Vermögensvergleich: Die Werte der EZB und der Credit Suisse

Weitere interessante Vergleichswerte ermittelte die Europäische Zentralbank (EZB) in der internationalen Studie "Household Finance und Consumption Survey (HFCS)", gemeinsam mit allen Nationalbanken der EU. An der Befragung im Jahr 2017 nahmen 91.000 Haushalte teil. In Deutschland ließ sich ein Durchschnittsvermögen von 232.800 Euro ermitteln; der allgemeine Europa-Länderdurchschnitt lag bei 229.100 Euro. Im Ländervergleich lagen die Haushalte Luxemburgs mit je 897.900 Euro ganz oben, das niedrigste Vermögen besaßen Haushalte in osteuropäischen Ländern.

Zuletzt liefert der alljährliche Vermögensbericht "Global Wealth Report" der Schweizer Bank Credit Suisse konkrete Daten zum Durchschnittsvermögen. Der letzte veröffentliche Bericht stammt aus dem Jahr 2021. Das Vermögen wurde als der Wert aller Finanzanlagen und Wertanlagen wie Immobilien definiert.
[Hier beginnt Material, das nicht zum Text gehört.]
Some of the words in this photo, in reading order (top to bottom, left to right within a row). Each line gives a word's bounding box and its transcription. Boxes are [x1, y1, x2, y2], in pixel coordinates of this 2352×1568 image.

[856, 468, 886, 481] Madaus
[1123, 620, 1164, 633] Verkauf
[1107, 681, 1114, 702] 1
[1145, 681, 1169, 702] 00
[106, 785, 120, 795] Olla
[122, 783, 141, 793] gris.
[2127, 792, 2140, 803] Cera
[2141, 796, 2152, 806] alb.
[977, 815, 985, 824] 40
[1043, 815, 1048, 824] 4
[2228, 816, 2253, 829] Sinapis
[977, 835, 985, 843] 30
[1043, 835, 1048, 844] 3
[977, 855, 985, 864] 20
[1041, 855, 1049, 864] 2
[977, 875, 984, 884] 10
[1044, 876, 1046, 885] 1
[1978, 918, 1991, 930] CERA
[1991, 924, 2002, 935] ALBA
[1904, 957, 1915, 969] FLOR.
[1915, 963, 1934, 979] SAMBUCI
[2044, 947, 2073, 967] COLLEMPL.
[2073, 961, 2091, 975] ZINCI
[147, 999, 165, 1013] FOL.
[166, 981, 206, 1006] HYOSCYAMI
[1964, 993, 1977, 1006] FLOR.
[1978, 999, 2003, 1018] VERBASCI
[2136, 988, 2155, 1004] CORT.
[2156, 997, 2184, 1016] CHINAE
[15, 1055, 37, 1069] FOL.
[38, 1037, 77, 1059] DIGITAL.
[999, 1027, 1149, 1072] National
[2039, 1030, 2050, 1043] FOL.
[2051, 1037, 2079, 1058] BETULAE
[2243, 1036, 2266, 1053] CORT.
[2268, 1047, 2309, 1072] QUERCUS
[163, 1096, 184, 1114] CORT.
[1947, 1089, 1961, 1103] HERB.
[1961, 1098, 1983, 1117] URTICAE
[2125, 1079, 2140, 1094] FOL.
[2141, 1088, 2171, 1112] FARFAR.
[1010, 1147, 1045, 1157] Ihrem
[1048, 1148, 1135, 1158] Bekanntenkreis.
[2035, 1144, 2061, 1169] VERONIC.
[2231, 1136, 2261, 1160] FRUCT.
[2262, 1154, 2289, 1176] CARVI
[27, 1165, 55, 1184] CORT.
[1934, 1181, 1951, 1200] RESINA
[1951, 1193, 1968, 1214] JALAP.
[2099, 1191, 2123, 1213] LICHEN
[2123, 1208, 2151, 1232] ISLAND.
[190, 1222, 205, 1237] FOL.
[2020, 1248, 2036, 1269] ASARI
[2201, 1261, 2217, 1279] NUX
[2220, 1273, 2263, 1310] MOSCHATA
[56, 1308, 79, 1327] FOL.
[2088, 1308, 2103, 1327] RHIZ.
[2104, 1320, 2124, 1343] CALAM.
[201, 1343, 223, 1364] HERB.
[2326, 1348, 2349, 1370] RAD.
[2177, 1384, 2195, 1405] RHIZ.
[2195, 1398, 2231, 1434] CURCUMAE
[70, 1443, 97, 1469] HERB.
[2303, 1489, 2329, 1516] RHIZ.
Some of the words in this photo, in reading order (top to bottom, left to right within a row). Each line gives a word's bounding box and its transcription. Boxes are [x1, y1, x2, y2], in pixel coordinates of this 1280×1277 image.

Jede*r deutsche Erwachsene besaß laut den Daten der Credit Suisse durchschnittlich 268.000 Dollar; nach damaligem Wert waren dies rund 265.000 Euro. Der entsprechende Median betrug 65.374 Euro.

Fazit

Es lässt sich festhalten, dass es nicht den einen exakten Wert gibt. Je nachdem, wie viele Haushalte befragt werden und wie das Vermögen definiert wird, kommen Expert*innen auf unterschiedliche Werte. Zudem ist der Unterschied zwischen dem Durchschnitt und dem Median zu beachten. Die dargestellten Durchschnittswerte bieten dir eine Möglichkeit, dein eigenes Vermögen einmal zu vergleichen; jedoch solltest du auch bedenken, dass es allein an dir liegt, zu entscheiden, ob du persönlich mit deinem Vermögen zufrieden bist und ob es für dich ausreichend ist.